#### [Exercise prompt]
Should any entry hold a picture, omit that picture and copy the rest of the entry exactly.

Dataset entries
=== Section Start ===

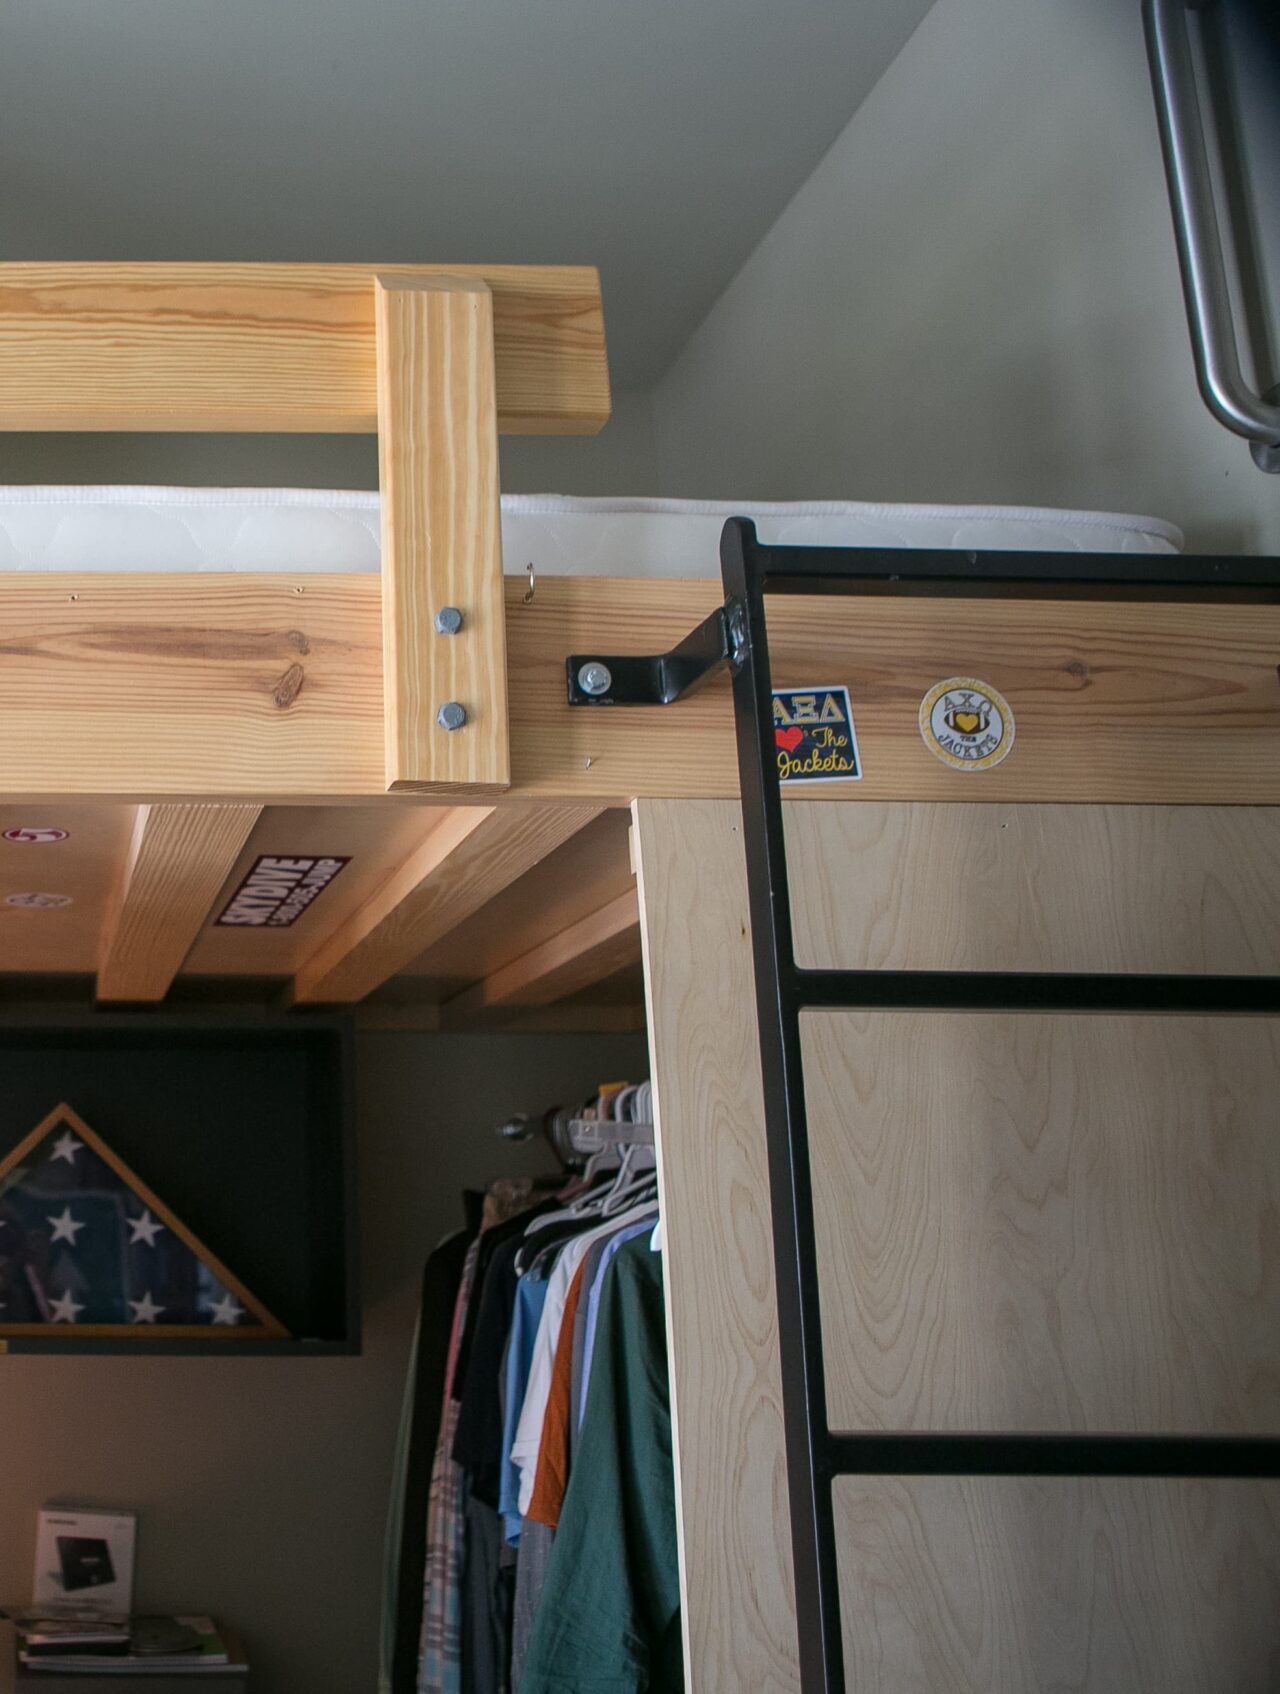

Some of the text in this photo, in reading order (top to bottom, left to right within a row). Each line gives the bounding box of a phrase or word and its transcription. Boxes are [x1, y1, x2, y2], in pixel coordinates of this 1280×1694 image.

[811, 726, 848, 748] The
[938, 733, 999, 758] JACKETS
[777, 748, 855, 780] Jackets
[220, 857, 315, 926] SKYDIVE
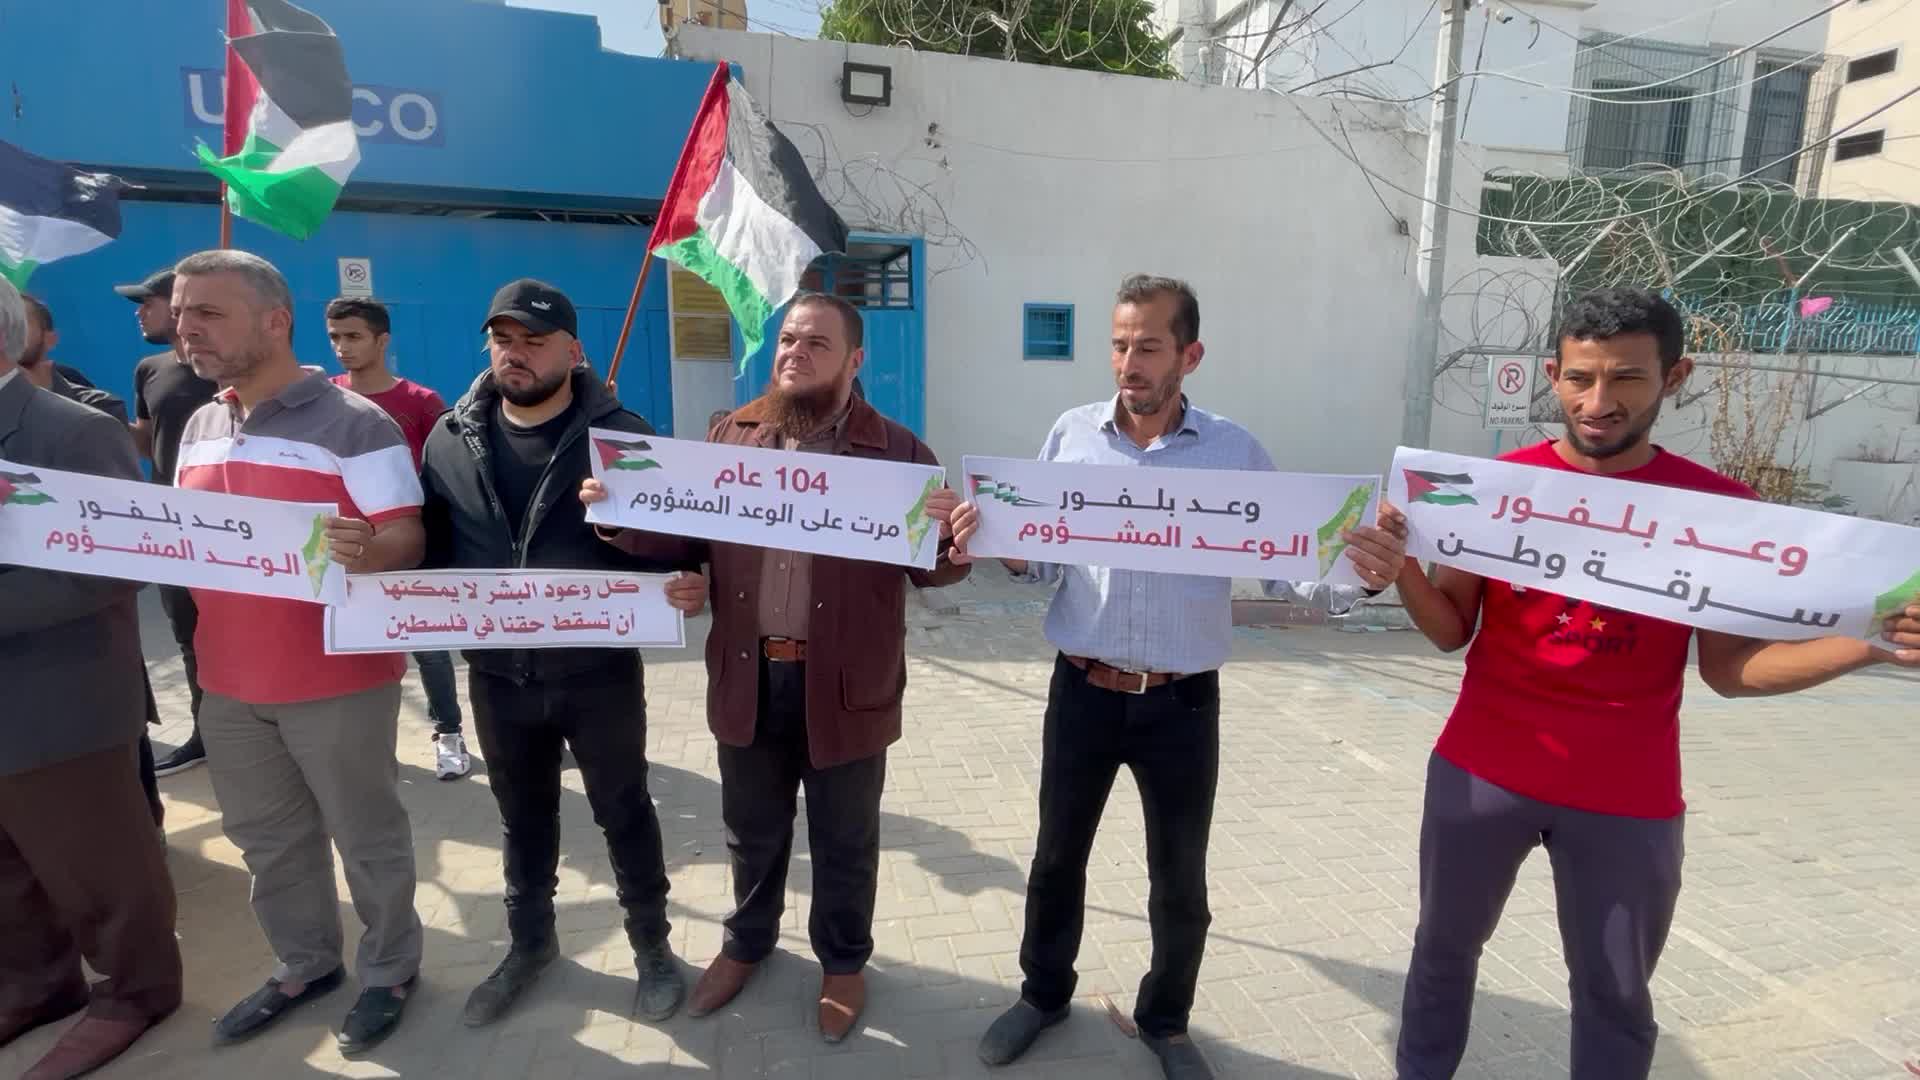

=== Section End ===

#### [Task result]
Some of the text in this photo, in reading order (top to bottom, left to right within a row). Each line gives the bounding box of a phrase or word and its transcription. Boxes are [x1, y1, x2, y2], in pixel coordinates of this 1280×1694 image.

[811, 726, 848, 748] The
[938, 733, 999, 758] JACKETS
[777, 748, 855, 780] Jackets
[220, 857, 315, 926] SKYDIVE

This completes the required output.